Nash Equilibrium Learning In Large Populations With First-Order Payoff Modifications
Matthew S. Hankins, Jair Certório, Tzuyu Jeng, Nuno C. Martins
TL;DR
This paper develops a unified framework for Nash equilibrium learning in large populations under first-order payoff modifications. It couples two nonstandard system-theoretic notions—counterclockwise dissipativity (CCW) and delta-passivity—to prove convergence for a broad class of payoff mechanisms and learning dynamics, including discontinuous best-response and continuous revisions. The analysis introduces an evolutionary differential inclusion (EDIM) blending best-response with continuous learning rules and proves that, under certain passivity conditions and boundedness assumptions, population trajectories converge to the Nash equilibrium set of an associated stationary game. A numerical example based on Braess's paradox demonstrates practical toll design that steers equilibria toward more efficient outcomes. The results extend prior work by enabling joint CCW/delta-passivity treatment of first-order payoff modifications and guiding design of payoff mechanisms in large populations.
Abstract
We establish Nash equilibrium learning in large populations of noncooperative, strategic agents.
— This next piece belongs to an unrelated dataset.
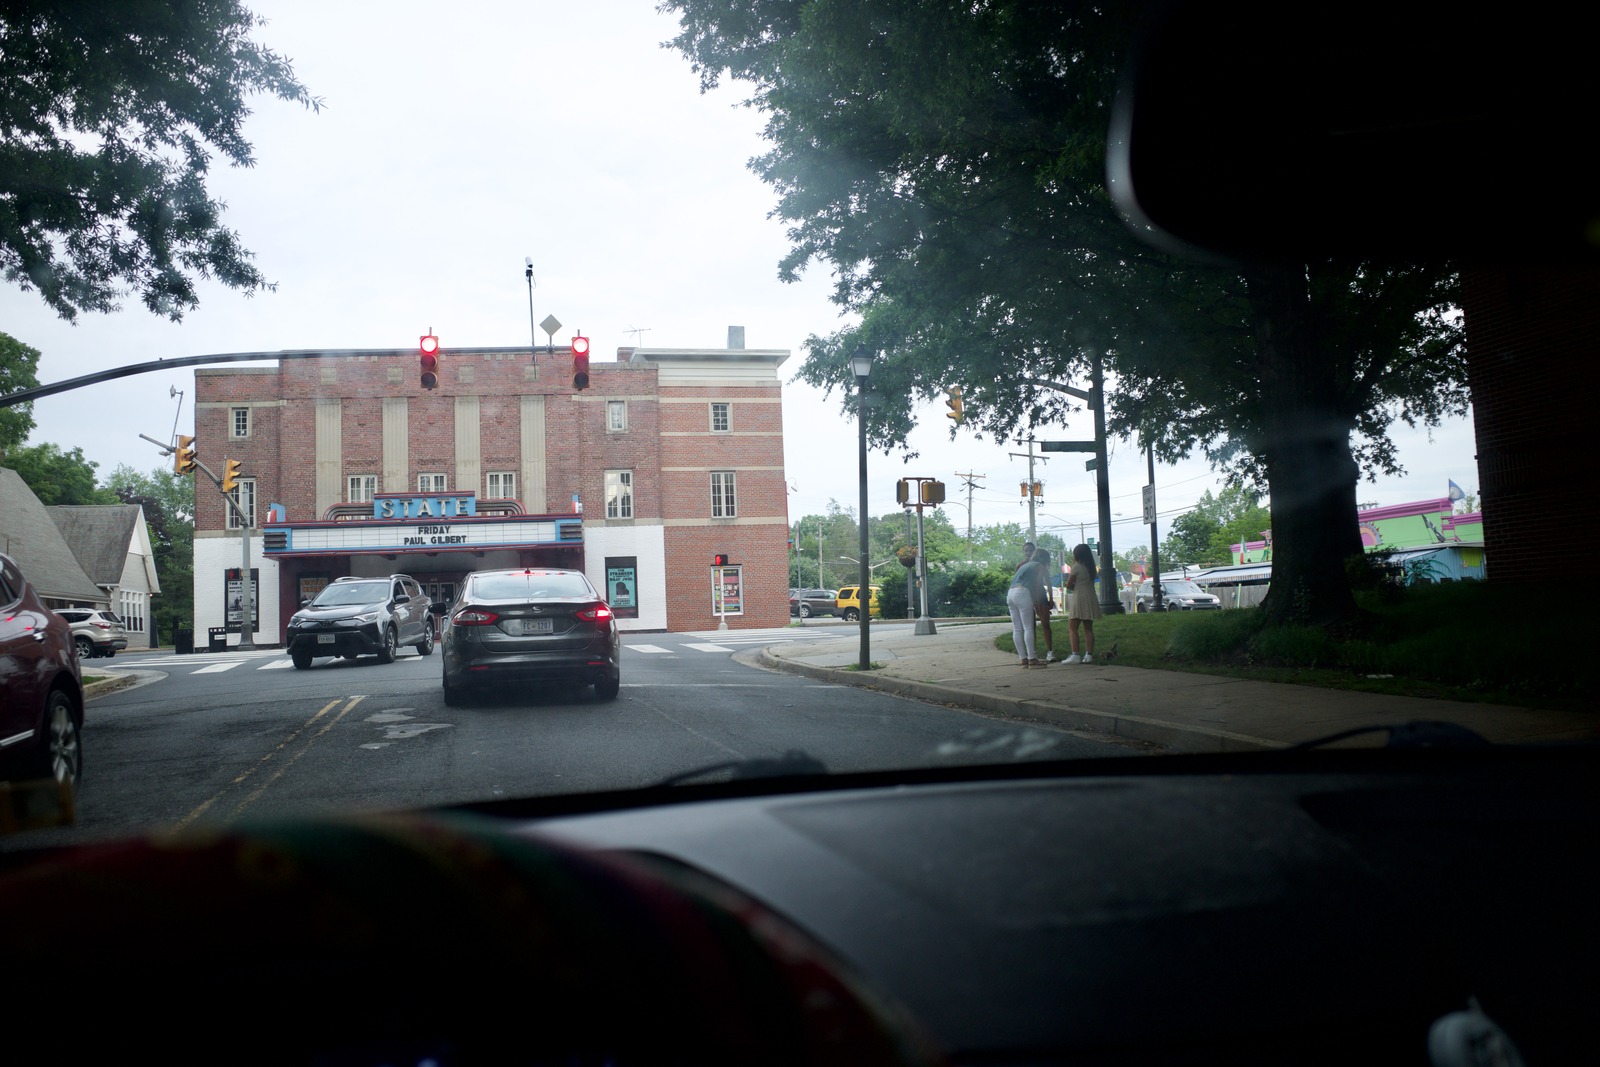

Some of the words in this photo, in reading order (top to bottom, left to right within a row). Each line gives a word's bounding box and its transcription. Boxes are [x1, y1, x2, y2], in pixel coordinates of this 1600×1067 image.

Our analysis considers the broadest class to date of payoff mechanisms with first-order modifications, capable of modeling bounded rationality and anticipatory effects, averaging, or Padé delay approximations. We propose a framework that, for the first time, combines two nonstandard system-theoretic passivity notions. Our results hold for discontinuous best response dynamics alongside continuous learning rules, significantly extending prior work.